Dünyanın dört bir tarafından toplanan (!) tohumlar Norveç’in Svalbard adasında donmuş bir dağın 130 metre altında saklanıyor. Bu ambara dünya kıyamet deposu deniliyor. ABD’nin 20 Mart 2003 yılında Irak’ı işgali sırasında da işgal ordusu, ilk önce Ebu Gureyp’e (Ebu Garip) gitmişti. Çünkü; işgale kadar Mezopotamya’nın binlerce yıllık ata tohumlarının saklandığı yer Ebu Gureyp tohum deposuydu. (İşgalden sonra ABD’nin işkence cezaevi oldu) Ya bizim tohumlar...?

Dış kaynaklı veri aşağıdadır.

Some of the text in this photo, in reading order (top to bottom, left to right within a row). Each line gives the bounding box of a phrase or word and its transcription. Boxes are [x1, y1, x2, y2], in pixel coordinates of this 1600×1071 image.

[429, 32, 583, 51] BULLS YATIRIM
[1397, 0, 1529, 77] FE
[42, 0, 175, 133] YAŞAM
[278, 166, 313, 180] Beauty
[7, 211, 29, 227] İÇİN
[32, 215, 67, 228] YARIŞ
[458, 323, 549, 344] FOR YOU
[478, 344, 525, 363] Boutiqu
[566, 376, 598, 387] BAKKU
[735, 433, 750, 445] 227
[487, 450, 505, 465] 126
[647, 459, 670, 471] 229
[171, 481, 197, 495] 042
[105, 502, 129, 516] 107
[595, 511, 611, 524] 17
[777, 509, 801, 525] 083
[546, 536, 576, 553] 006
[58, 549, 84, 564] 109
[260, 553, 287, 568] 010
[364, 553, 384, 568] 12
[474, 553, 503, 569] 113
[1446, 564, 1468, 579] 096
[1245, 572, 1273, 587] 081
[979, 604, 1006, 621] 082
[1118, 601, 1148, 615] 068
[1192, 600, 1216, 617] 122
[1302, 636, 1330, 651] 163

Tarım ürünlerini iklim değişikliklerinden, depremlerden, nükleer saldırılardan, savaşlardan ve doğal felaketlerden korumak için 2008 yılında inşa edilen kıyamet deposunun en büyük destekçileri, kurduğu ölüm imparatorluğuyla dünyayı parmağında oynatan Rockefeller vakfı, Bill Gates vakfı ve GDO’lu (Genetiği değiştirilmiş organizma) tohum üreticileri Monsanto ve Syngenta..! Bu depoda tüm dünyadan toplanan 1 milyondan fazla tohum bulunuyor. Ülkemizin kıyamet deposu ise, tohumun toprağa atılmadan test edildiği, topraksız tarımın yapıldığı Erzurum’un Merkez Aziziye ilçesi Dadaşkent semtinde kar tanesi şeklinde tasarlanan soğuğa dayanıklılık test merkezi..!

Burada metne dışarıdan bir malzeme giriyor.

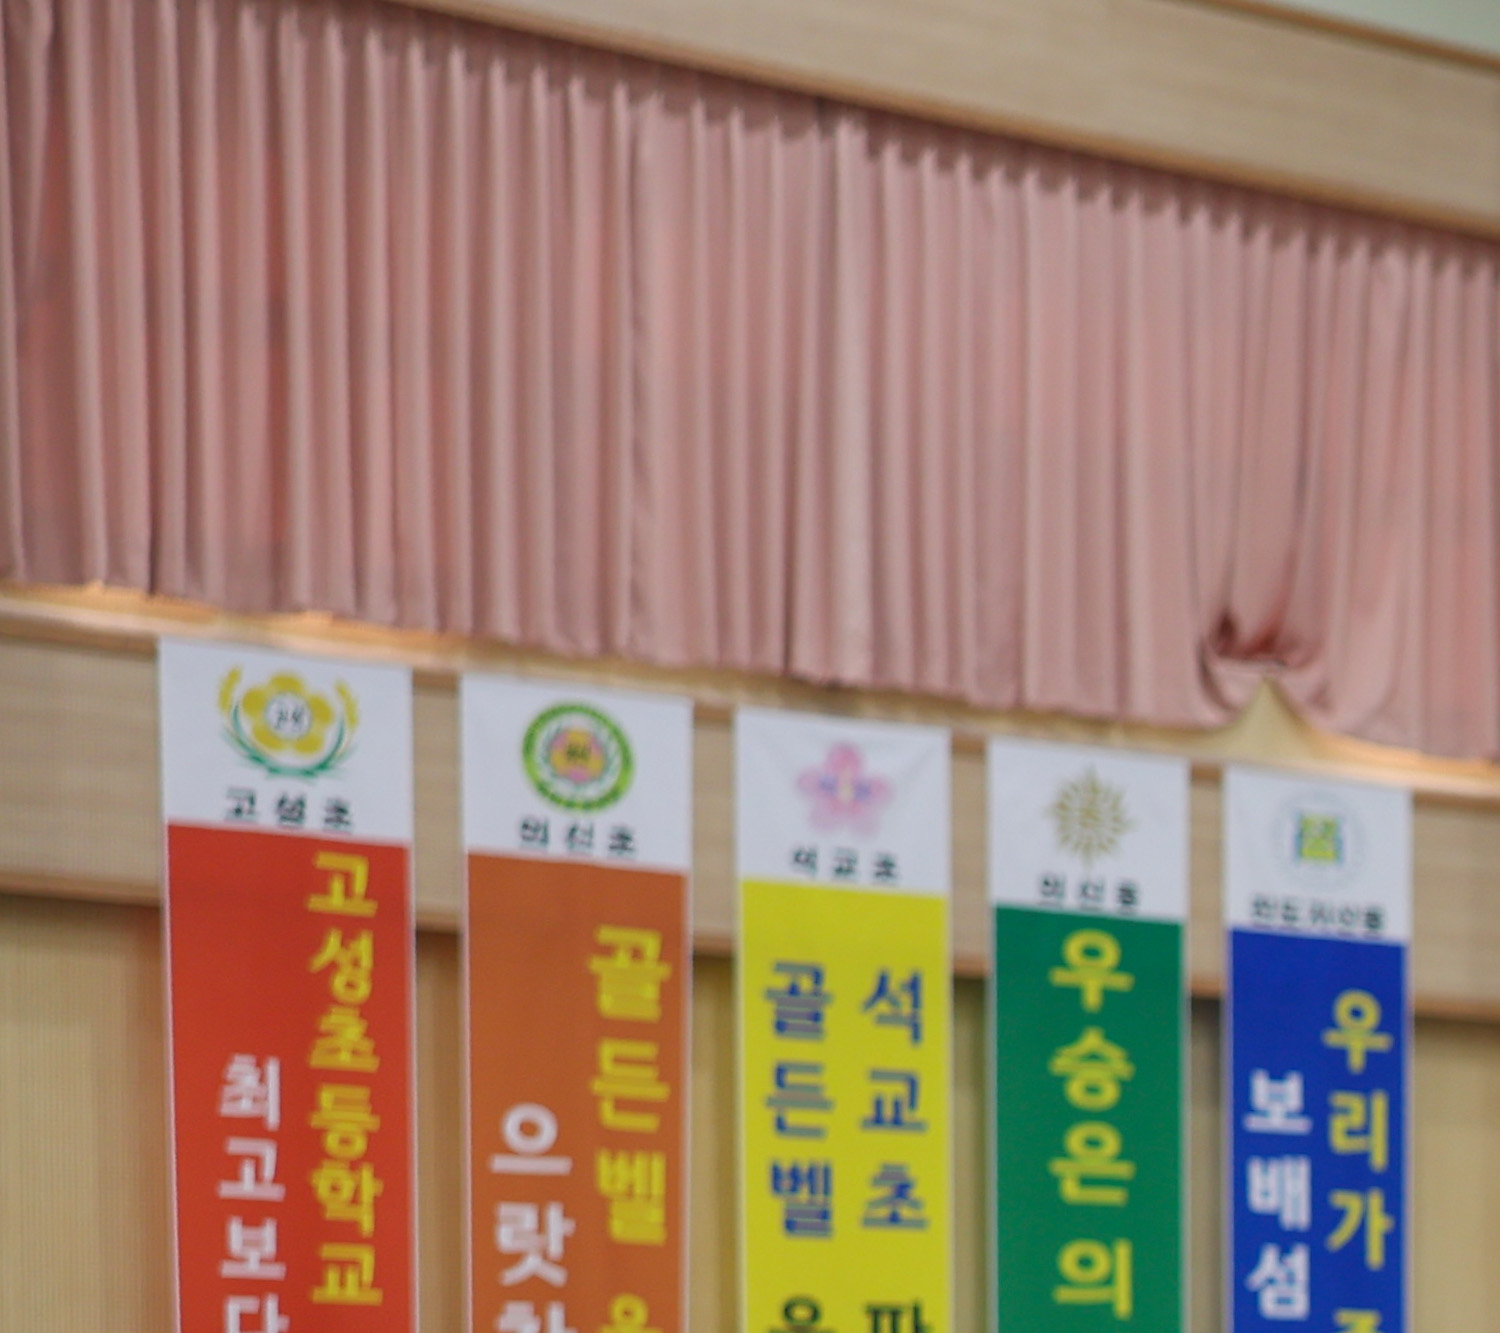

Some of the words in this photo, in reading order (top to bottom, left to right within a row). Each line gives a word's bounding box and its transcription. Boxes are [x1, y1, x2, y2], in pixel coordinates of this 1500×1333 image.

Ülkemizdeki tohumluk üretim ve dağıtım planlaması yapılan bu merkezde, iklim değişikliği, kuraklık ve soğuk gibi olumsuzluklarla mücadele için çalışmalar yapılıyor, tohum çeşitleri üretiliyor ve saklanıyor. Bu merkezde bitki, gıda ve hayvan gen kaynaklarının korunması ve dayanımı sağlanıyor. Acil durumlarda, ülke insanını doyuracak hububatın çeşitleri geliştiriliyor. Ve hepsinden önemlisi bu merkezde tarım, topraksız olarak yapılıyor. 2016 yılından beridir batıdan doğuya kuzeyden güneye ülkemizin tüm bölgelerine hizmet ediliyor.

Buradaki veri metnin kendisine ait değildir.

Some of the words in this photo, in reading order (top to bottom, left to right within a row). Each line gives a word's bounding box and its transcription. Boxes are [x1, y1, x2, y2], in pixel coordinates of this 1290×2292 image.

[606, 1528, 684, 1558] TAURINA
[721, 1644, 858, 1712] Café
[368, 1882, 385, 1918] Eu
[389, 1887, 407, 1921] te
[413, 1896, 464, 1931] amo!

Küresel efendiler (!) dünya nüfusunun (2021 itibariyle dünya nüfusu 7 milyar 800 milyon) çok fazla olduğunu ve azaltılması gerektiğini hesap edip, kıyamet planları yapıp, çaldıkları (!) tohumları gizlerken, Erzurum’daki soğuğa dayanıklılık test merkezinde, ‘’Topraksız tarım’’ yapılıyor haberiniz olsun..!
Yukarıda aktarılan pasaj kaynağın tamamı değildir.